**PROBLEM TO SOLVE**
For the entries that follow, report how many lines include the word "영월지사" and add nothing.
____ RECORDS SHOWN
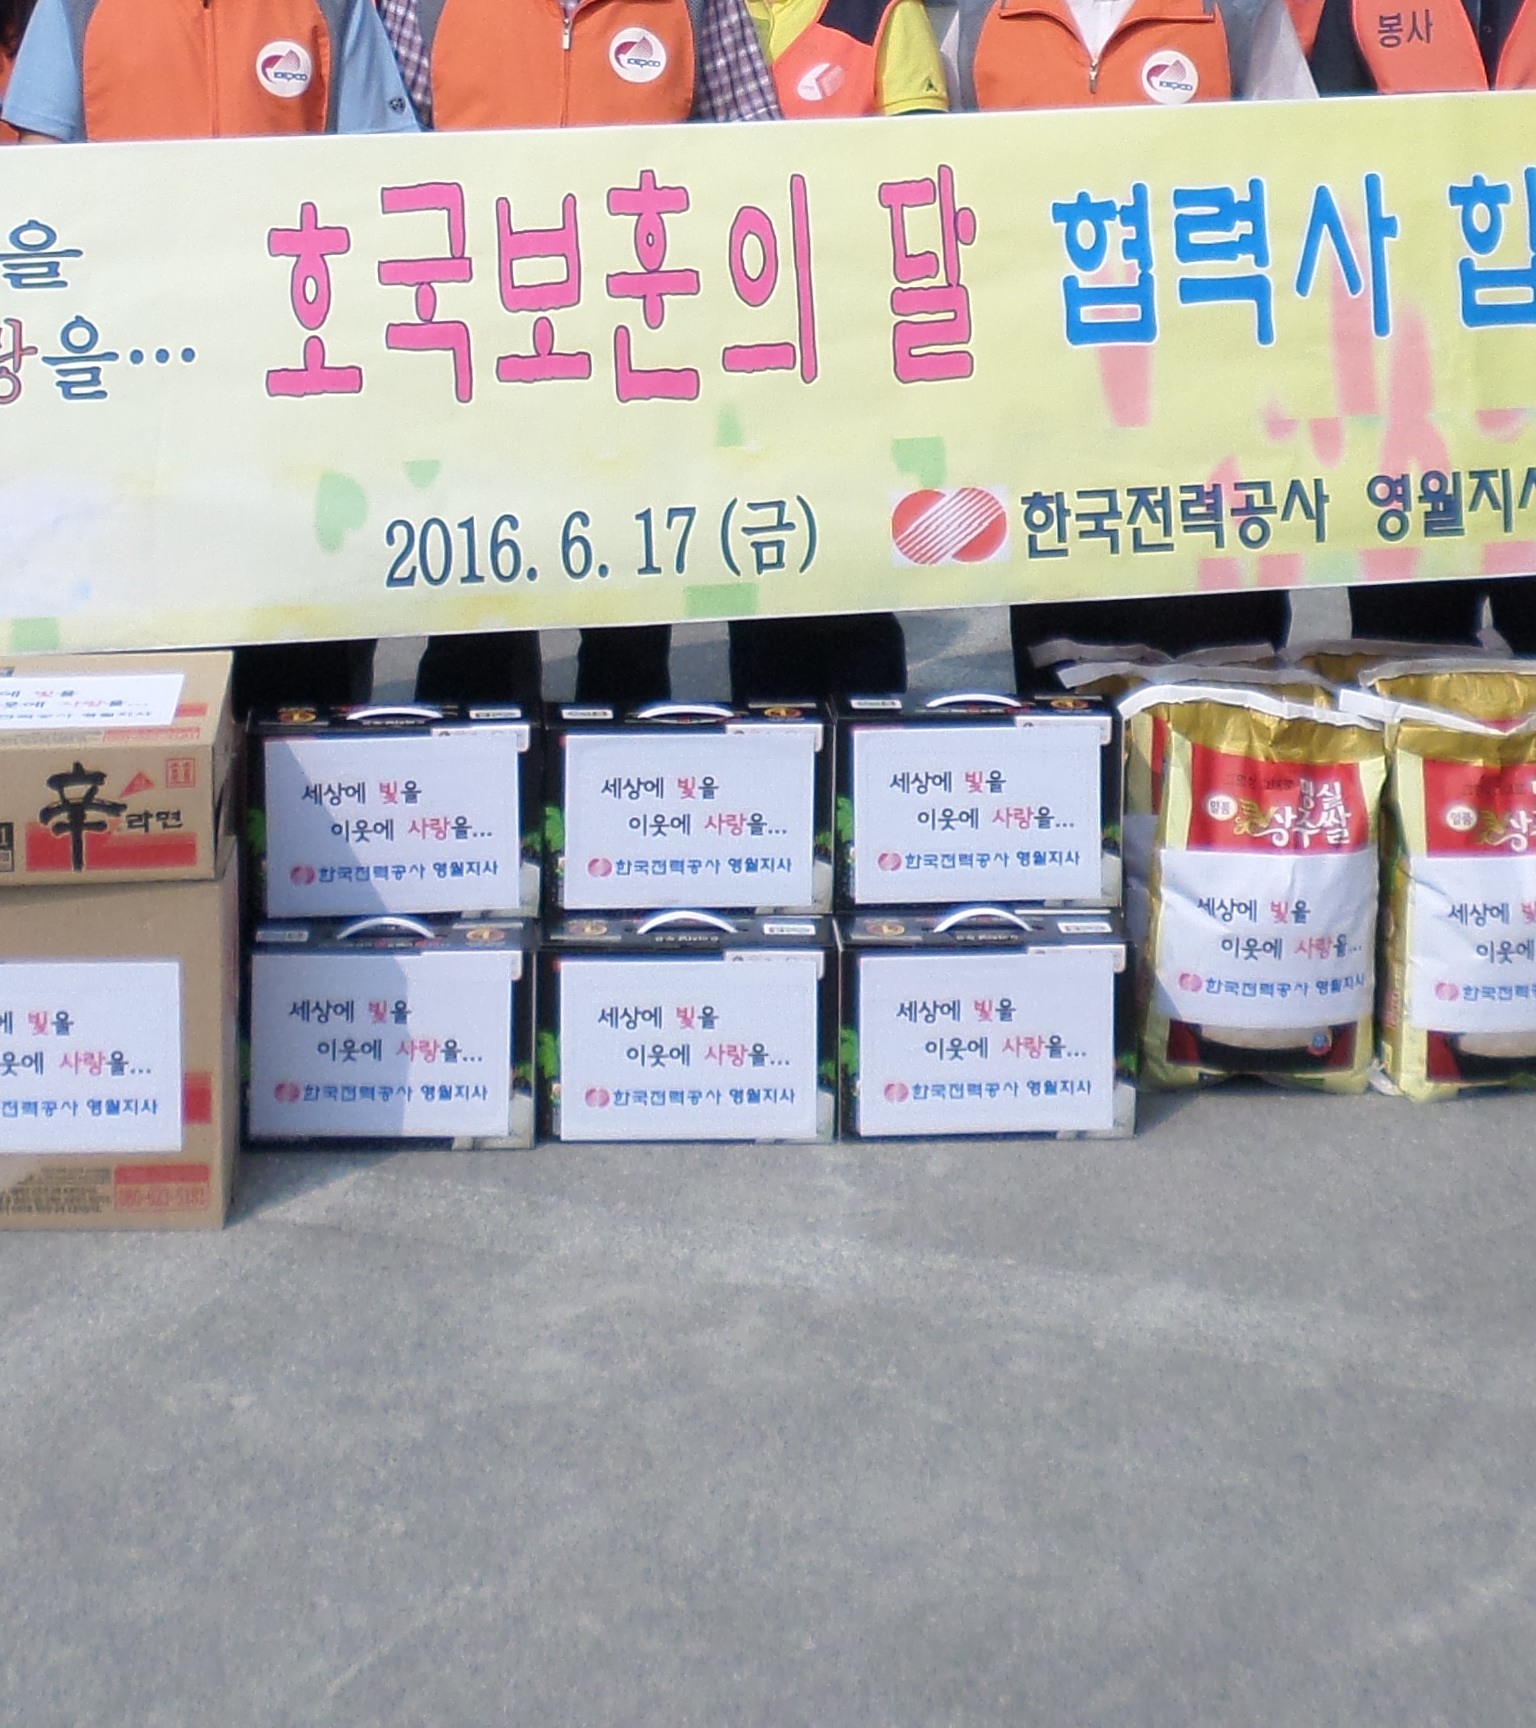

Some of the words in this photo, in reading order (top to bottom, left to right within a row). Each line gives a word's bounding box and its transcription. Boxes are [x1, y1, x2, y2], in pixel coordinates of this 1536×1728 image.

[1377, 7, 1434, 50] 봉사
[264, 168, 820, 406] 호국보훈의
[877, 162, 977, 387] 달
[1051, 168, 1400, 348] 협력사
[1019, 470, 1331, 562] 한국전력공사
[382, 515, 540, 591] 2016.
[560, 513, 614, 585] 6.
[301, 780, 367, 807] 세상에
[378, 779, 423, 805] 빛을
[601, 776, 665, 801] 세상에
[676, 775, 720, 800] 빛을
[889, 770, 953, 795] 세상에
[963, 769, 1007, 794] 빛을
[38, 760, 129, 873] 辛
[125, 809, 185, 833] 라면
[628, 813, 692, 838] 이웃에
[916, 807, 980, 832] 이웃에
[329, 818, 395, 843] 이웃에
[317, 863, 427, 884] 한국전력공사
[431, 860, 500, 880] 영월지사
[614, 857, 721, 877] 한국전력공사
[726, 856, 793, 874] 영월지사
[904, 852, 1010, 870] 한국전력공사
[1015, 850, 1081, 868] 영월지사
[1197, 896, 1258, 924] 세상에
[1270, 899, 1312, 925] 빛을
[1447, 901, 1511, 928] 세상에
[1220, 936, 1284, 962] 이웃에
[1475, 938, 1536, 965] 이웃에
[26, 1009, 75, 1037] 빛을
[288, 999, 355, 1024] 세상에
[367, 999, 413, 1026] 빛을
[597, 1005, 663, 1031] 세상에
[675, 1005, 720, 1030] 빛을
[895, 999, 962, 1024] 세상에
[973, 998, 1017, 1023] 빛을
[316, 1038, 383, 1064] 이웃에
[625, 1042, 692, 1068] 이웃에
[924, 1036, 989, 1061] 이웃에
[301, 1083, 414, 1103] 한국전력공사
[419, 1083, 489, 1103] 영월지사
[612, 1088, 722, 1107] 한국전력공사
[728, 1087, 796, 1106] 영월지사
[911, 1081, 1020, 1101] 한국전력공사
[1025, 1079, 1093, 1098] 영월지사
[85, 1097, 159, 1118] 영월지사
________
**RESPONSE TO THE TASK**
7